Prep 10 mins
Cook 20 mins
I found these online and am storing them here to try very soon. They look like they'd be fabulous with fresh blueberries! Plus each muffins contains only 137 calories and 2.9 grams of fat. I did change a couple of things to fit my dietary needs. If you use the soy milk these are dairy-free.
- 2 cups all-purpose flour
- 1⁄3 cup sugar
- 1 teaspoon baking powder
- 1⁄2 teaspoon baking soda
- 1⁄4 teaspoon salt
- 1 cup nonfat milk (you can also use low fat buttermilk) or 1 cup soymilk (you can also use low fat buttermilk)
- 2 tablespoons canola oil
- 1 large eggs, lightly beaten or 1⁄4 cup Egg Beaters egg substitute
- 1 cup blueberries
- Preheat oven to 400 degrees.

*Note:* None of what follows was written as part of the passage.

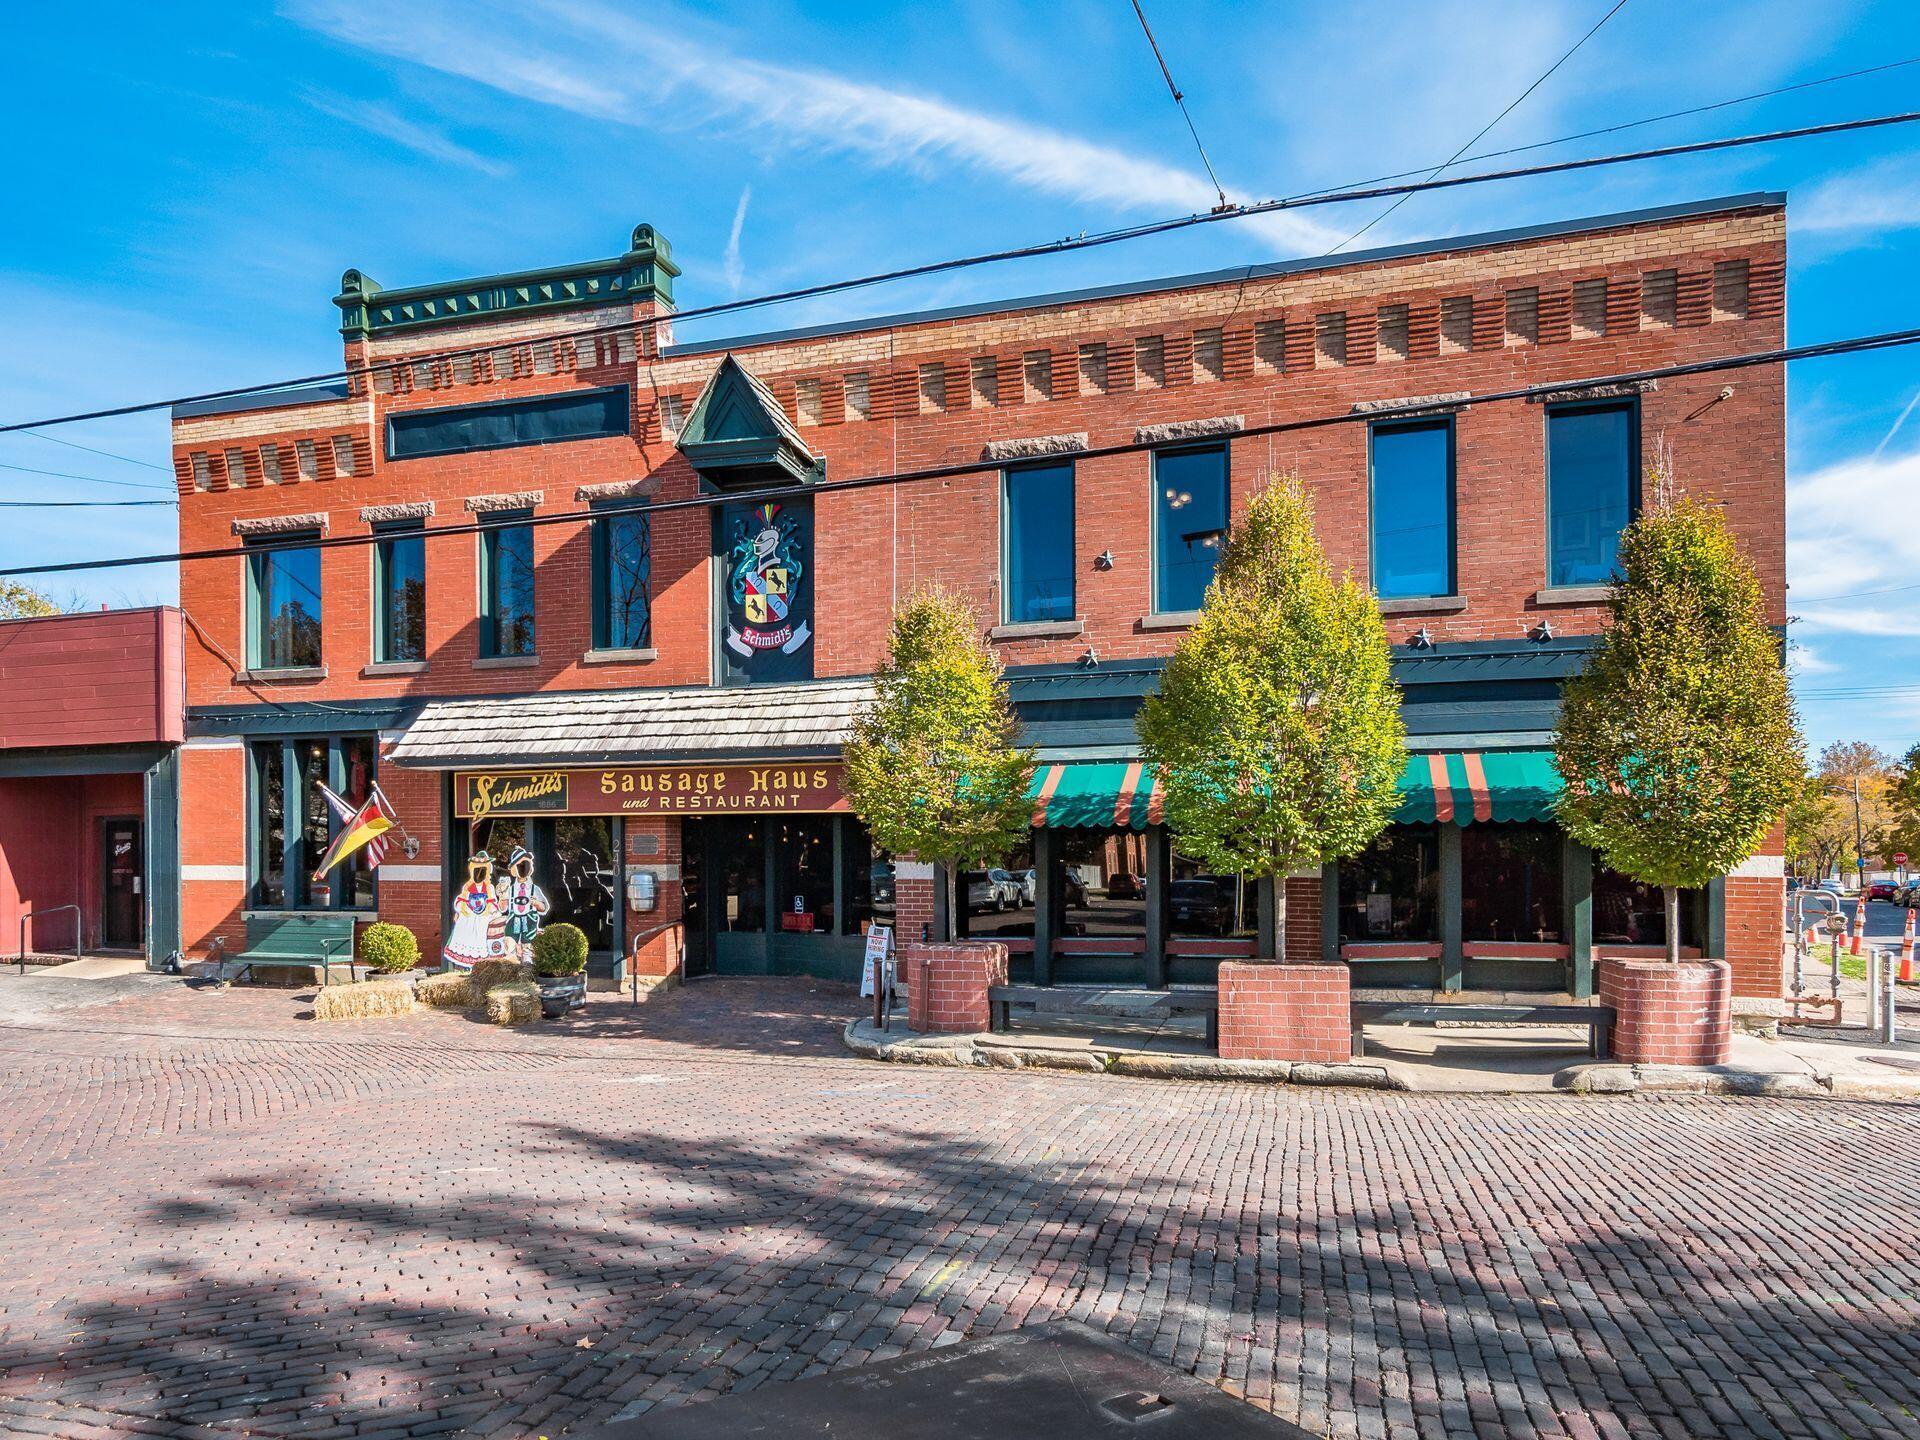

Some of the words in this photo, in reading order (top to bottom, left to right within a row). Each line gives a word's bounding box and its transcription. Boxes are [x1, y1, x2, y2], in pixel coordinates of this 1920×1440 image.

Coat a nonstick 12-cup muffin pan with cooking spray or line with paper cups.
- In a large bowl, stir flour, sugar, baking powder, baking soda and salt together.
- In a small bowl, combine milk, canola oil and egg.
- Make a well in the center of the dry ingredients and add milk, oil and egg mixture. Stir until just moist. Fold in blueberries.
- Fill muffin cups 2/3 full and bake 18-20 minutes until golden.
- Cool on wire rack.
These muffins are awful!! I followed the directions and they came out of the oven tasting like rubbery pancakes. They have absolutely no flavor and are weirdly dense. My friend who will eat almost anything, took one bite and threw it away! I have never seen him turn down food before, that's how awful these were. I was surprised at how awful these muffins were after reading the good reviews about them. These were very disappointing.
I thought these were very good for a low fat recipe. I added 1/2 tsp. of vanilla and extra blueberries.
not bad.. they're really good with spray butter; i think without that they would be pretty bland and dry. i did use all egg whites, and splenda.